■ WORK INSTRUCTIONS: Keeping every word and mark, copy all of the data.

DATA RECORDS START

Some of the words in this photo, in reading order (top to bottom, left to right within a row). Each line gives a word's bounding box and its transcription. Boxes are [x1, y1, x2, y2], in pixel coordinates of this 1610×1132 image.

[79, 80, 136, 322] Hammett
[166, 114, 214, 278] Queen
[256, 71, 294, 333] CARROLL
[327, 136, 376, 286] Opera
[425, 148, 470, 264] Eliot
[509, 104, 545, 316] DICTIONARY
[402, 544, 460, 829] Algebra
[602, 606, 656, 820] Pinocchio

DATA RECORDS END

■ ANSWER TO THE EXERCISE:
Some of the words in this photo, in reading order (top to bottom, left to right within a row). Each line gives a word's bounding box and its transcription. Boxes are [x1, y1, x2, y2], in pixel coordinates of this 1610×1132 image.

[79, 80, 136, 322] Hammett
[166, 114, 214, 278] Queen
[256, 71, 294, 333] CARROLL
[327, 136, 376, 286] Opera
[425, 148, 470, 264] Eliot
[509, 104, 545, 316] DICTIONARY
[402, 544, 460, 829] Algebra
[602, 606, 656, 820] Pinocchio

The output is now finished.